Logo em frente à entrada principal do Jardim da Cerca, do outro lado da estrada, uma “tenda” improvisada com cartão ocupou o espaço onde até hoje existiam abrigos para uma colónia de gatos. São visíveis malas de viagem e outros objectos no local. As tigelas de comida e água dos gatos, aparentemente, desapareceram. Mas os gatos continuam a deambular pela Calçada, agora que perderam a sua “casa”.
Na Calçada do Monte, havia vestígios de assaltos recentes a viaturas que estiveram estacionadas naquela via que é abrangida pela EMEL.Alguns sem-abrigo transferiram-se do Jardim da Cerca para o outro lado da estrada, na Calçada do Monte. Ocupam agora o espaço que até agora era o local onde estavam os abrigos da colónia de gatos residente no local. Na colina da Calçada do Monte, a CML levou a cabo uma grande acção de limpeza há poucos dias. Mas já são visíveis garrafas e latas. Um sem-abrigo também dormiu no local algumas noites.
O que observámos levanta a questão sobre a viabilidade de a CML conseguir resolver sozinha o problema da degradação da zona.

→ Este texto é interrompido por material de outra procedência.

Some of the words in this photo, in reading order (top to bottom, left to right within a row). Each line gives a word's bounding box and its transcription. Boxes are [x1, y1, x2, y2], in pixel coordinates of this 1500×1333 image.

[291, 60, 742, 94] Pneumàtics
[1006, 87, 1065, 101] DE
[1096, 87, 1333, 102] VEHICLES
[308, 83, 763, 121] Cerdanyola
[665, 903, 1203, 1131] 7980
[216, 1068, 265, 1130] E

A conclusão é que não.
Por mais equipas que a CML desloque para o local, para efectuar acções de limpeza, rapidamente, o lixo começa a aparecer. As tendas são substituídas por abrigos improvisados pela zona.

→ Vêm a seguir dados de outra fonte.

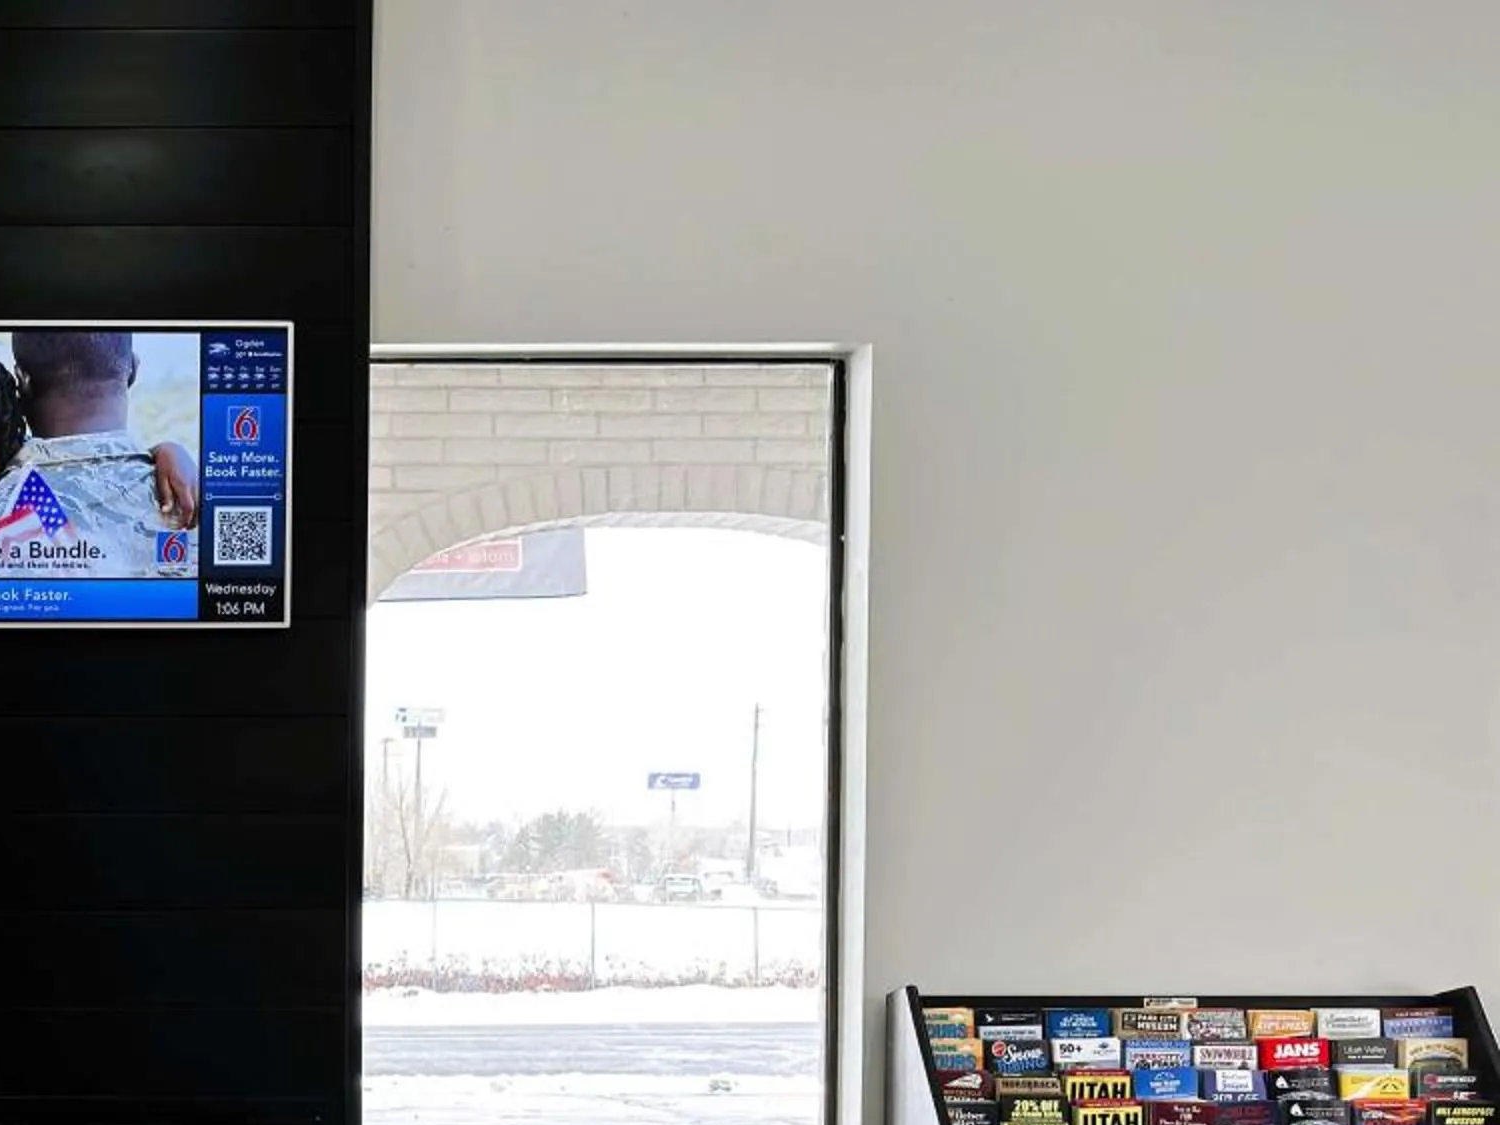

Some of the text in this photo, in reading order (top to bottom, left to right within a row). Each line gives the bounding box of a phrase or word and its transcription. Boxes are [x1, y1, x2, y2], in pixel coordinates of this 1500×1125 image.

[208, 452, 279, 463] Save More.
[205, 466, 282, 478] Book Faster.
[10, 545, 21, 559] a
[30, 540, 106, 559] Bundle.
[163, 530, 186, 563] 6
[25, 588, 72, 601] Faster.
[205, 583, 276, 597] Wednesday
[216, 602, 265, 615] 1:06 PM
[1273, 1042, 1321, 1058] JANS
[1071, 1082, 1127, 1099] UTAH

Há seres humanos ali, a consumir droga, a viver uma vida sem dignidade. E se estão ali é porque há ali quem venda droga. Sem resolver o problema da venda e consumo de droga e álcool no local, não será possível travar a espiral de degradação da zona, que tem sido afectada por criminalidade contra pessoas e estabelecimentos.
Esperar que a CML resolva isto sozinha é ingénuo. O Jardim da Cerca da Graça e a colina junto à Calçada do Monte estão agora mais limpos. Mas até quando?

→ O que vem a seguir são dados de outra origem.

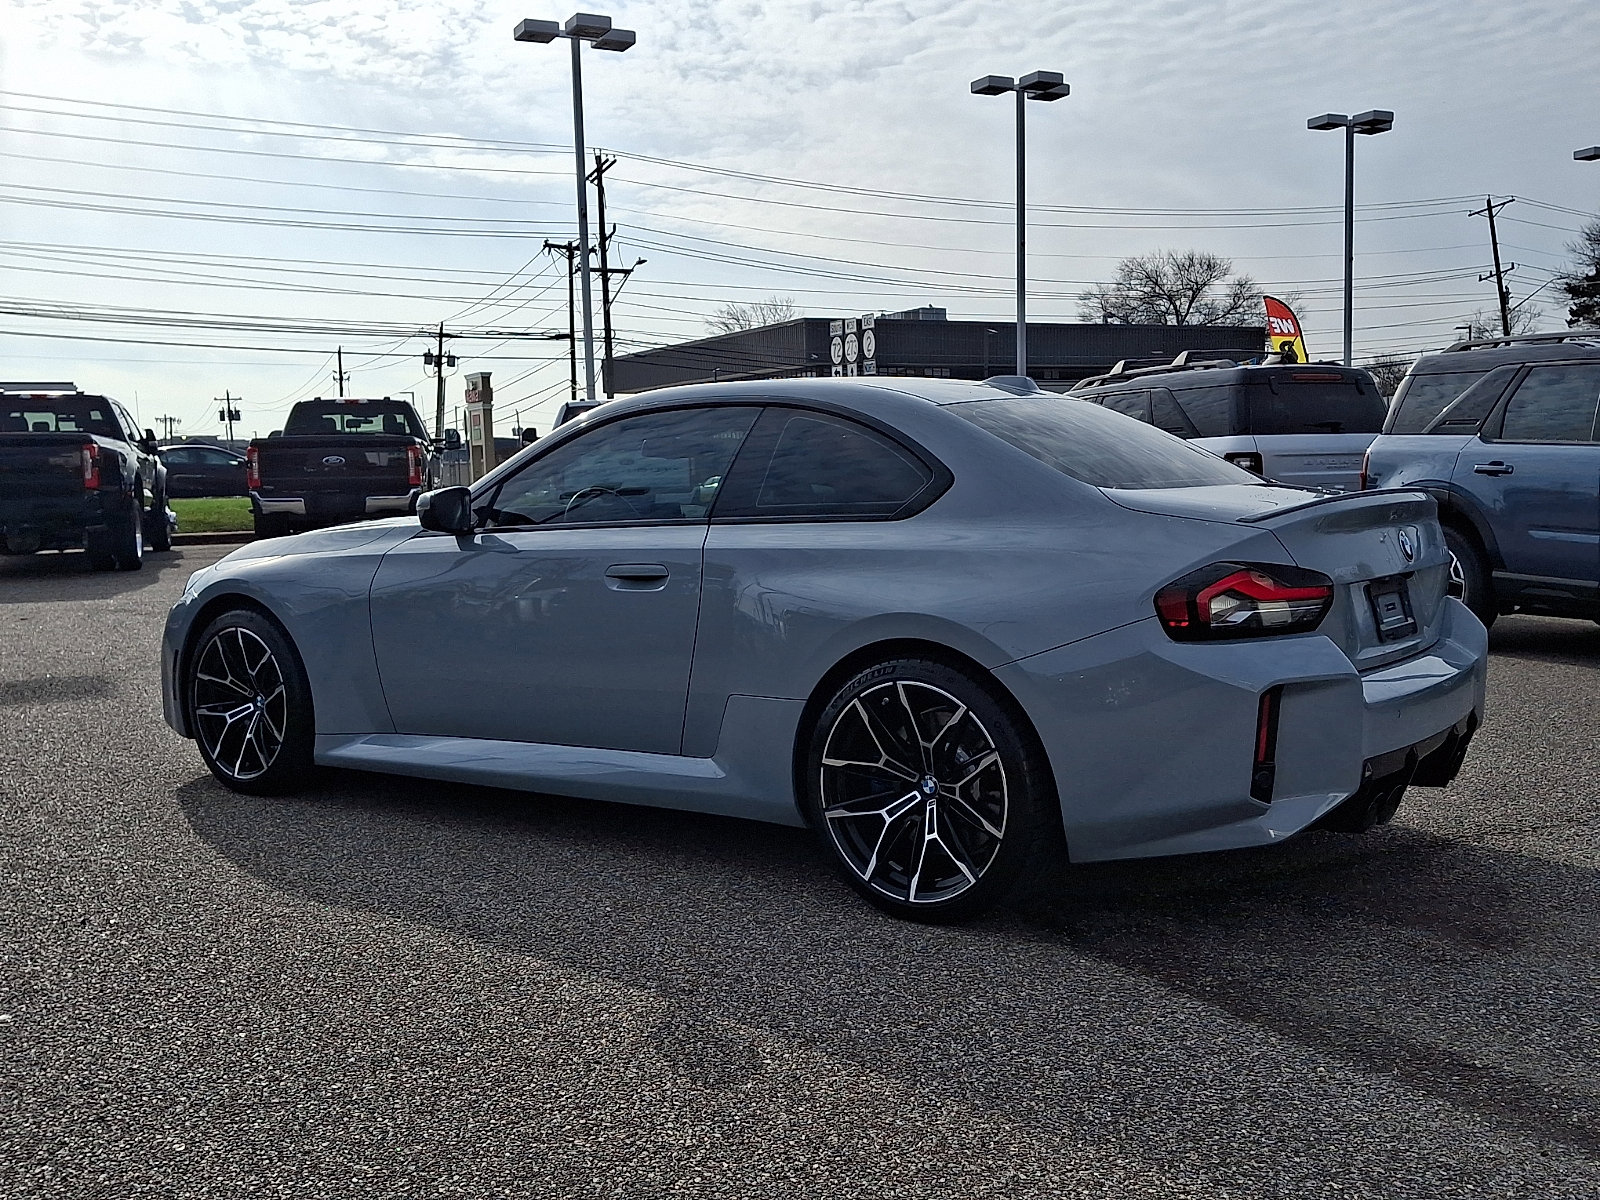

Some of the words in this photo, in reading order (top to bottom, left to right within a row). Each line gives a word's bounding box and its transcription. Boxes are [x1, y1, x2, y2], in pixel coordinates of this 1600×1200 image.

[832, 342, 842, 358] 72
[846, 339, 857, 356] 273
[866, 336, 872, 352] 2
[842, 667, 894, 698] MICHELIN

Lisboa merece um tratamento melhor. Os lisboeta merecem melhor. E, sobretudo, aqueles seres-humanos que ali estão a viver sem dignidade e condições, merecem melhor. E o problema de fundo, da toxicodependência que leva à criminalidade e gera sem-abrigo, não se resolve sem que haja uma intervenção concertada e eficaz.
Sem isso, resta à CML ir enviando equipas de limpeza para, temporariamente, melhorar o aspecto e salubridade da zona.
A colina da Calçada do Monte está visivelmente mais limpa, após a acção de limpeza da CML.Esta foi uma das zonas do Jardim da Cerca onde o PÁGINA UM encontrou seringas no chão. Hoje estava visivelmente mais limpa, sem lixos no chão nem na colina que desce para o relvado do Jardim.
Pelo menos hoje, já se sentia um ambiente melhor no Jardim. Mais leve. Ouvia-se música. Um cão corria pelo relvado destinado a lazer e piqueniques. O quiosque estava vazio, mas o calor também era intenso.
Resta esperar para ver qual o caminho que, daqui em diante, aquele espaço central da capital vai seguir. Se vai voltar a ser um Jardim com festas de aniversário de crianças e brincadeiras entre família e amigos. Ou se vai manter-se na espiral de tráfico e consumo de droga e álcool, crime e decadência. Esperemos que siga pelo primeiro.